By all means go ahead and be as astute as you can be. Skip the fancy office paper, work out of your garage, and perhaps outsource some expensive tasks if you have to.
Just don’t go cheap on your website.
Resist the urge to ask your friend, your niece, or your neighbor’s kid to do it for you because you know that way you only get to spend a few hundred bucks or (OMG!) nothing at all.
Here are a few reasons why you’ll regret it if you don’t.
1. SEO
Search Engine Optimization or SEO is more than just a few strategically placed keywords on your website. And a professional web developer understands that. Key factors such as site maps, navigation, security, responsiveness, and a host of others play a crucial role in making your website search engine friendly.
If your relative or friend understands this, then they may be savvy enough to choose a theme that promises some of these aspects.
But here’s the catch: there is no one-size fits all for every industry, and for every business. If there was, then web development as an industry would have already gone redundant.
A professional web designer should be able to sit you down to hear more about your business and its customers, in order to figure out how best your website can link the two organically via search engine traffic.
You could go for that, or settle for a website built exclusively on templates.
2. Usability
In the digital world today, it’s all about user experience.
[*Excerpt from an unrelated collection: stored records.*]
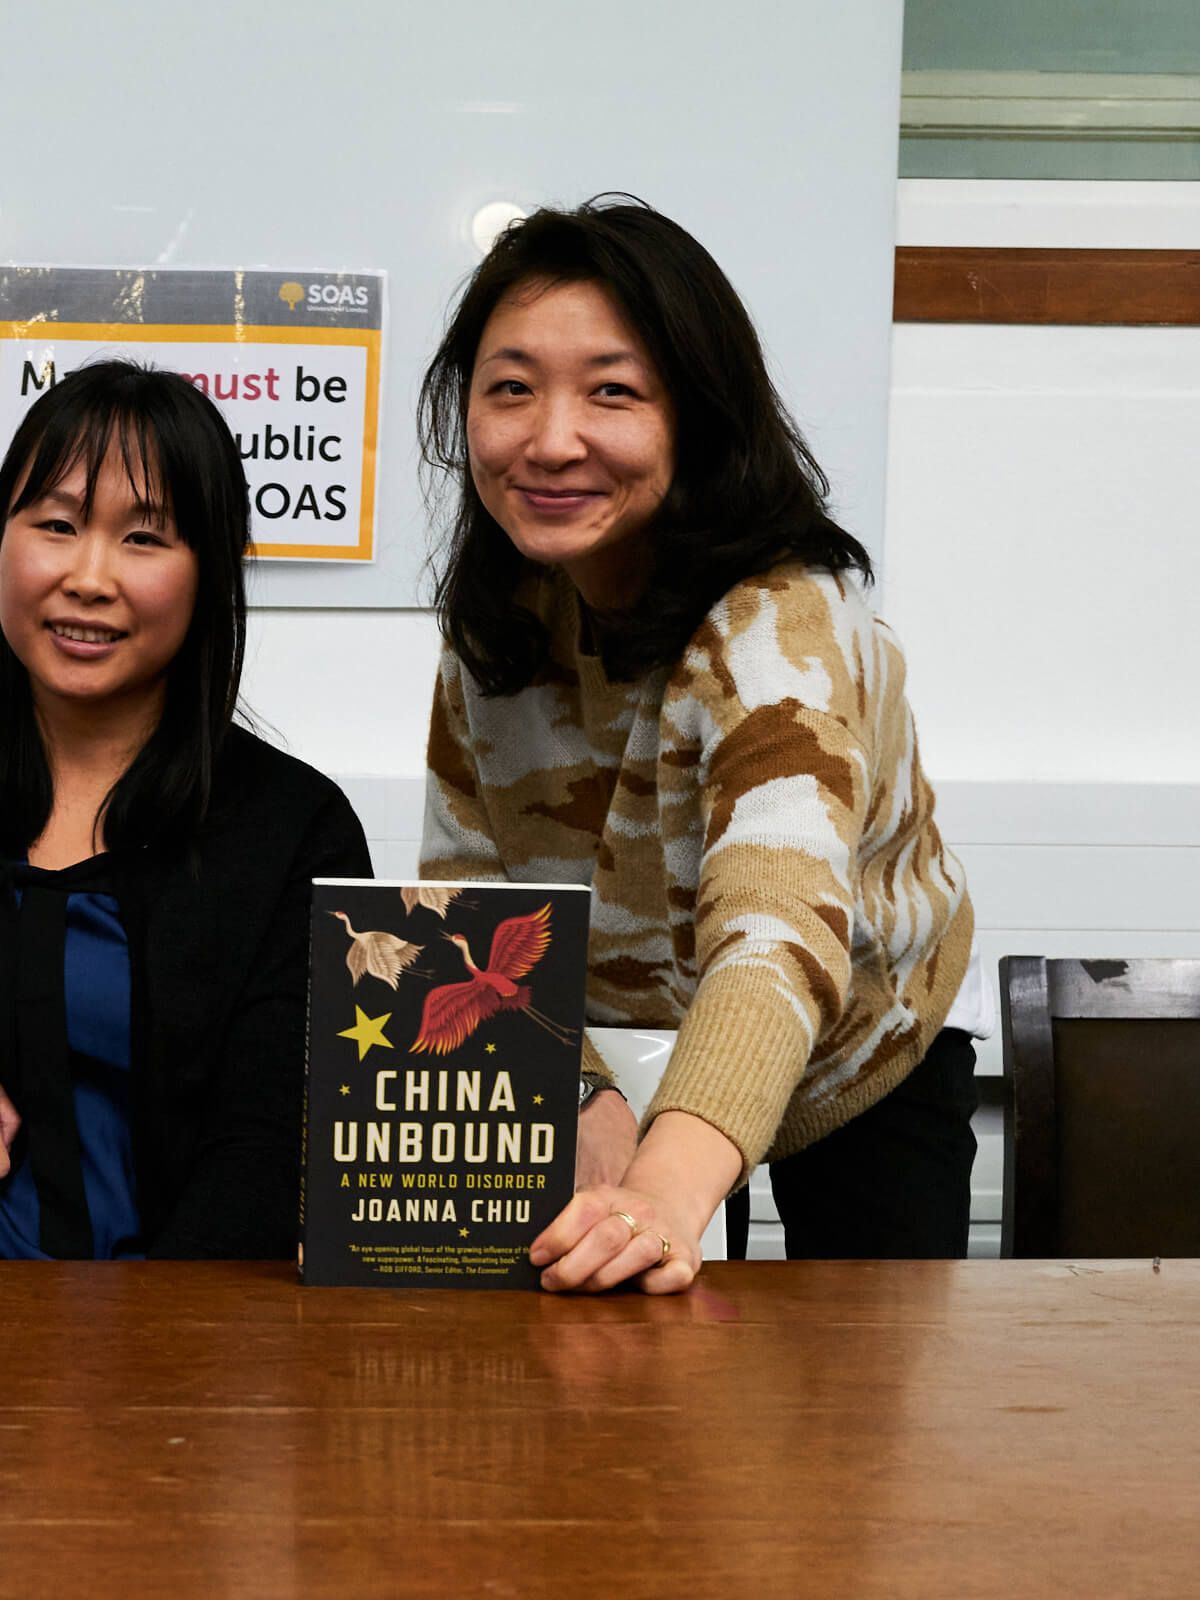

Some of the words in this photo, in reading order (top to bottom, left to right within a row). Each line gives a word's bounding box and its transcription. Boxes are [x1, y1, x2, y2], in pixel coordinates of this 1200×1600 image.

[308, 284, 369, 305] SOAS
[295, 365, 348, 404] be
[234, 424, 342, 462] ublic
[254, 482, 347, 521] OAS
[375, 1070, 517, 1112] CHINA
[333, 1121, 555, 1164] UNBOUND
[340, 1173, 351, 1189] A
[358, 1173, 393, 1189] NEW
[401, 1173, 458, 1190] WORLD
[466, 1173, 547, 1190] DISORDER
[351, 1198, 458, 1223] JOANNA
[471, 1199, 531, 1223] CHIU
The best websites are those that cater to the reader on the other end, or in your case, your target customer.
The end user and their wants should be a central theme running at the back of the mind of whoever is in charge of building your website. That way, the result is something which is intuitive and truly useful to your target audience.
That’s usually not the case when you ask your friend, a friend’s friend, or a family member to do it. When you go down this route what lies at the back of the chosen developer’s mind is cost. So what your business ends up with is a website that might be easy on your pocket, but one which your customers might not be able to make sense off.
Visitors will decide to leave your website and never come back, once they realize it takes more than a few seconds to get the information they need.
3. Revisions and Updates
Launching your website is only the beginning. Throughout the lifetime of your website there will be a need for regular updates and fixes as the tech world and the needs of your target reader change.
If you’re tech savvy enough, you can do these updates and changes yourself. But most people rely on their developers to make these changes for them. In fact, continued and ongoing technical support is one of the first things you should agree upon before committing to any one developer.
With a friend you get nothing of the sort, and after the website gets set up you’re on your own to either sink or swim as you go forward.
4. Security
Hackers, spam, and viruses…the internet can be a tough neighborhood to live in. Your chosen developer has to keep security at the top of his priorities when building your website…and also afterwards.
Is your neighbor’s kid tech savvy, and experienced enough to provide this for you?
If not, you better save yourself from a world of regret and frustration by reaching out to a professional from the outset. The last thing you want is to cut corners at the beginning only to end up spending even more on professional service one year down the line.